## What you need to do
Here are some records; quote them exactly, leaving out the pictures.

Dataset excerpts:
━━━━━━━━━━
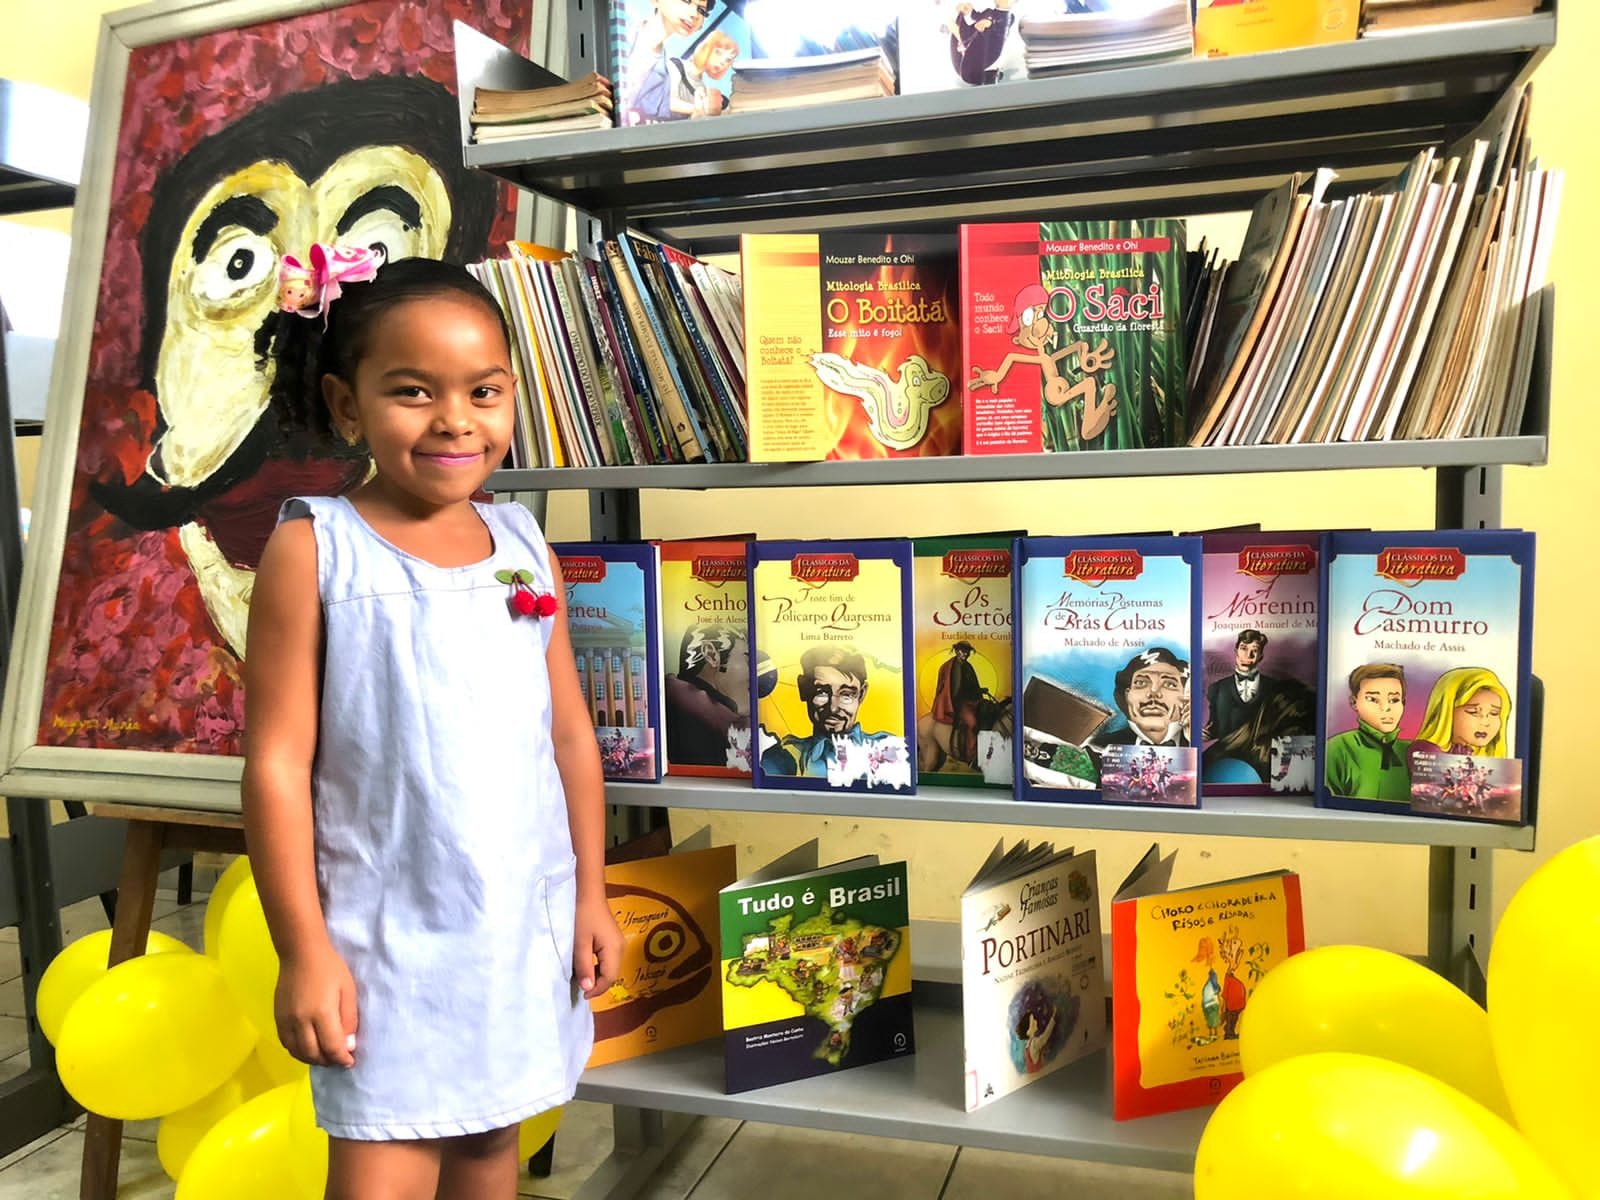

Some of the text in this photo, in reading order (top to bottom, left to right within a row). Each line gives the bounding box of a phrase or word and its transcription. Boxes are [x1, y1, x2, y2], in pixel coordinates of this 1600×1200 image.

[1046, 244, 1077, 253] Mouzar
[1079, 242, 1114, 252] Benedito
[826, 255, 856, 264] Mouzar
[857, 254, 892, 264] Benedito
[1046, 268, 1095, 281] Mitologia
[826, 281, 874, 293] Mitologia
[974, 292, 995, 302] Todo
[1046, 283, 1164, 322] O Saci
[827, 297, 945, 324] O Boitatá
[975, 303, 1005, 313] mundo
[975, 313, 1009, 323] conhece
[828, 328, 848, 338] Esse
[850, 328, 871, 337] mito
[974, 326, 980, 334] o
[1073, 322, 1114, 333] Guardião
[1115, 322, 1127, 332] da
[760, 335, 801, 345] Quem não
[760, 346, 793, 355] conhece
[1077, 555, 1133, 563] CLÁSSICOS DA
[1391, 553, 1438, 562] CLÁSSICOS
[791, 558, 852, 584] Literatura
[943, 553, 1006, 580] Literatura
[1065, 555, 1135, 583] Literatura
[1237, 551, 1306, 578] Literatura
[1377, 552, 1456, 582] Literatura
[684, 592, 747, 612] Senho
[829, 593, 843, 603] fim
[845, 593, 855, 602] de
[965, 586, 989, 609] Os
[1362, 589, 1453, 616] Dom
[568, 606, 608, 618] eneu
[1207, 592, 1315, 620] Morenin
[714, 615, 723, 624] de
[762, 595, 892, 631] Policarpo Quaresma
[933, 600, 1012, 627] Sertõe
[1045, 606, 1166, 631] de Brás Cubas
[1212, 620, 1252, 632] Joaquim
[1254, 619, 1289, 629] Manuel
[1292, 619, 1302, 628] de
[1354, 606, 1489, 636] Casmurro
[800, 632, 854, 641] Lima Barreto
[942, 631, 975, 640] Euclides
[977, 631, 988, 640] da
[1064, 637, 1145, 648] Machado de Assis
[1374, 639, 1466, 653] Machado de Assis
[737, 876, 901, 916] Tudo é Brasil
[1020, 876, 1059, 906] Crianças
[1018, 894, 1059, 924] Famosas
[1151, 904, 1195, 920] CHORO
[981, 909, 1092, 976] PORTINARI
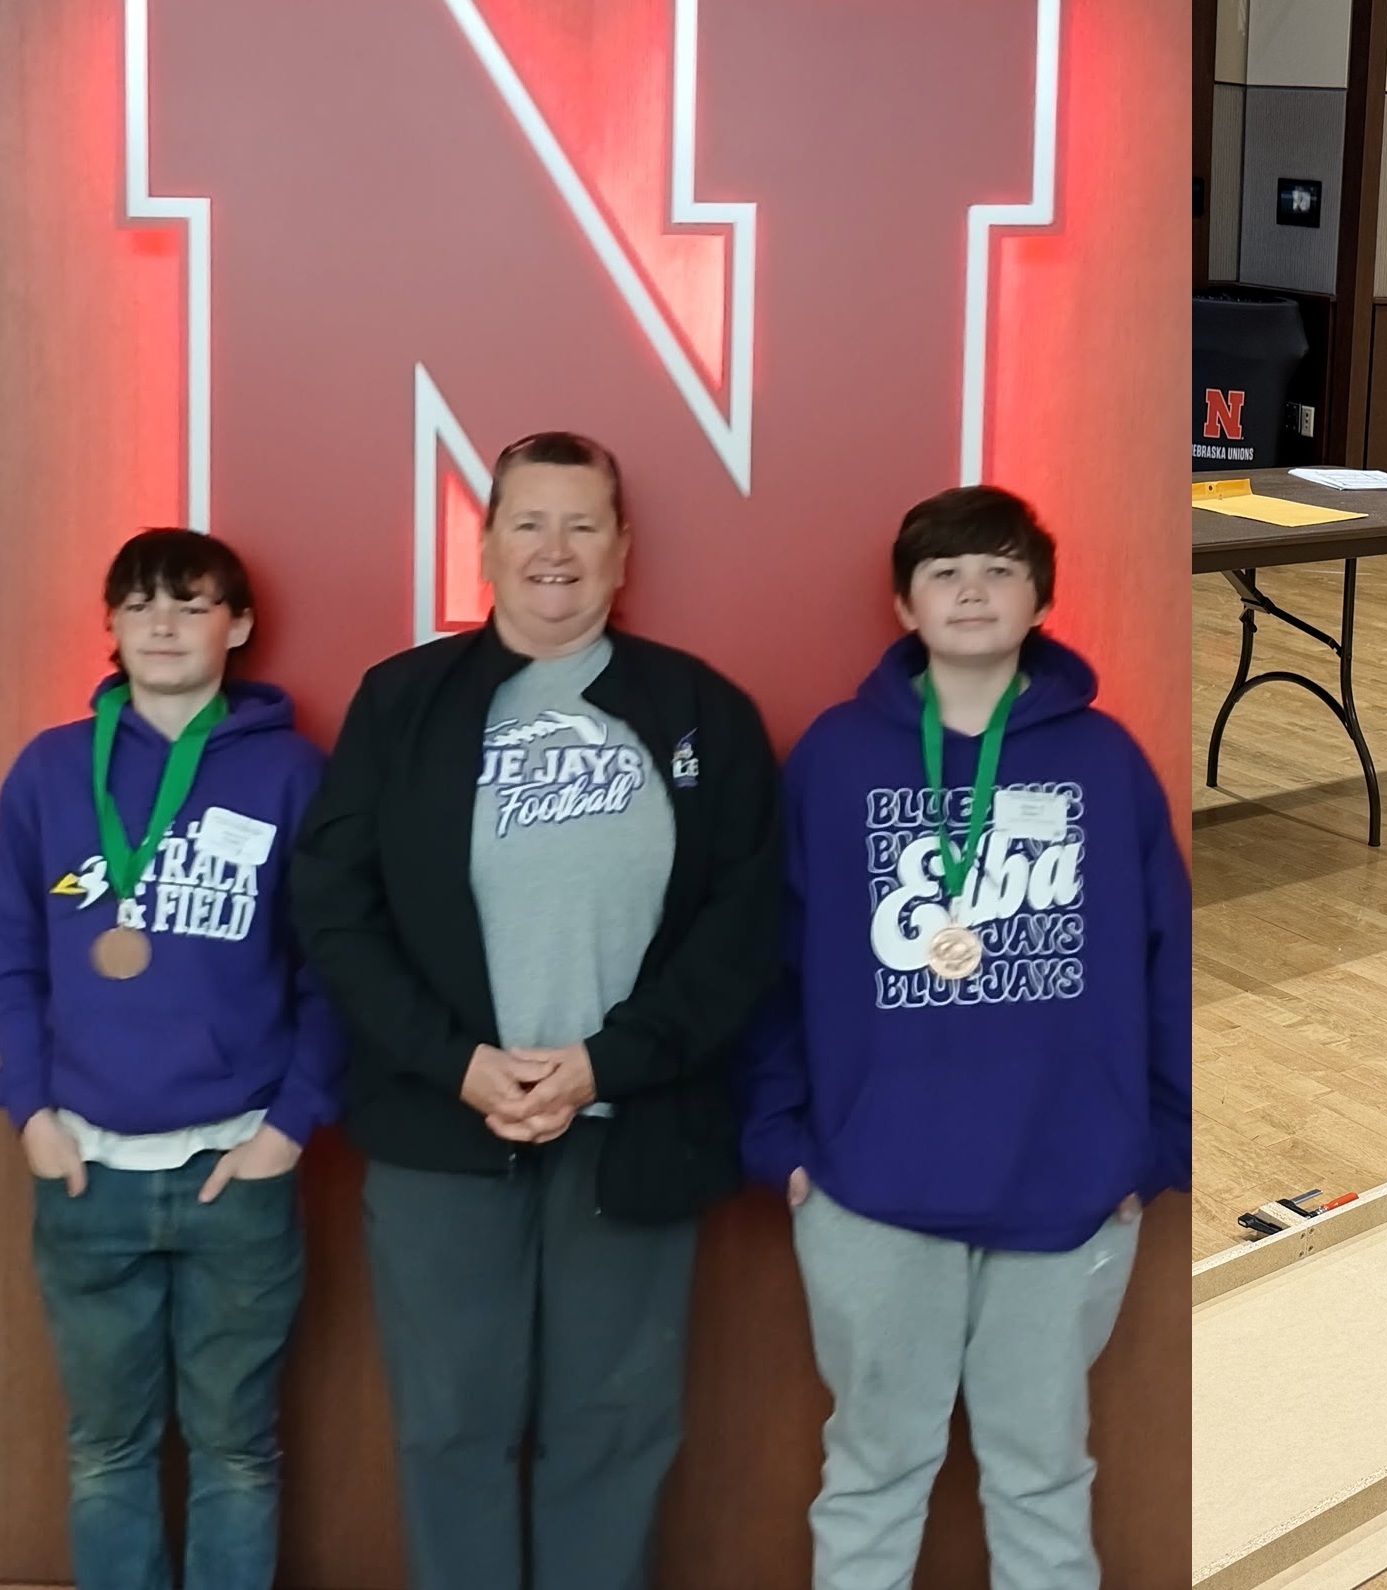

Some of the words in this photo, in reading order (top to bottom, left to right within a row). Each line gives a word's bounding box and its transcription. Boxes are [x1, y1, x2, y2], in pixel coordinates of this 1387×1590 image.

[1203, 388, 1245, 440] N
[1227, 447, 1254, 461] UNIONS
[533, 745, 645, 790] JAYS
[497, 773, 634, 838] Football
[151, 884, 256, 941] FIELD
━━━━━━━━━━
## Written reply
Some of the text in this photo, in reading order (top to bottom, left to right within a row). Each line gives the bounding box of a phrase or word and its transcription. Boxes are [x1, y1, x2, y2], in pixel coordinates of this 1600×1200 image.

[1046, 244, 1077, 253] Mouzar
[1079, 242, 1114, 252] Benedito
[826, 255, 856, 264] Mouzar
[857, 254, 892, 264] Benedito
[1046, 268, 1095, 281] Mitologia
[826, 281, 874, 293] Mitologia
[974, 292, 995, 302] Todo
[1046, 283, 1164, 322] O Saci
[827, 297, 945, 324] O Boitatá
[975, 303, 1005, 313] mundo
[975, 313, 1009, 323] conhece
[828, 328, 848, 338] Esse
[850, 328, 871, 337] mito
[974, 326, 980, 334] o
[1073, 322, 1114, 333] Guardião
[1115, 322, 1127, 332] da
[760, 335, 801, 345] Quem não
[760, 346, 793, 355] conhece
[1077, 555, 1133, 563] CLÁSSICOS DA
[1391, 553, 1438, 562] CLÁSSICOS
[791, 558, 852, 584] Literatura
[943, 553, 1006, 580] Literatura
[1065, 555, 1135, 583] Literatura
[1237, 551, 1306, 578] Literatura
[1377, 552, 1456, 582] Literatura
[684, 592, 747, 612] Senho
[829, 593, 843, 603] fim
[845, 593, 855, 602] de
[965, 586, 989, 609] Os
[1362, 589, 1453, 616] Dom
[568, 606, 608, 618] eneu
[1207, 592, 1315, 620] Morenin
[714, 615, 723, 624] de
[762, 595, 892, 631] Policarpo Quaresma
[933, 600, 1012, 627] Sertõe
[1045, 606, 1166, 631] de Brás Cubas
[1212, 620, 1252, 632] Joaquim
[1254, 619, 1289, 629] Manuel
[1292, 619, 1302, 628] de
[1354, 606, 1489, 636] Casmurro
[800, 632, 854, 641] Lima Barreto
[942, 631, 975, 640] Euclides
[977, 631, 988, 640] da
[1064, 637, 1145, 648] Machado de Assis
[1374, 639, 1466, 653] Machado de Assis
[737, 876, 901, 916] Tudo é Brasil
[1020, 876, 1059, 906] Crianças
[1018, 894, 1059, 924] Famosas
[1151, 904, 1195, 920] CHORO
[981, 909, 1092, 976] PORTINARI

Some of the words in this photo, in reading order (top to bottom, left to right within a row). Each line gives a word's bounding box and its transcription. Boxes are [x1, y1, x2, y2], in pixel coordinates of this 1387×1590 image.

[1203, 388, 1245, 440] N
[1227, 447, 1254, 461] UNIONS
[533, 745, 645, 790] JAYS
[497, 773, 634, 838] Football
[151, 884, 256, 941] FIELD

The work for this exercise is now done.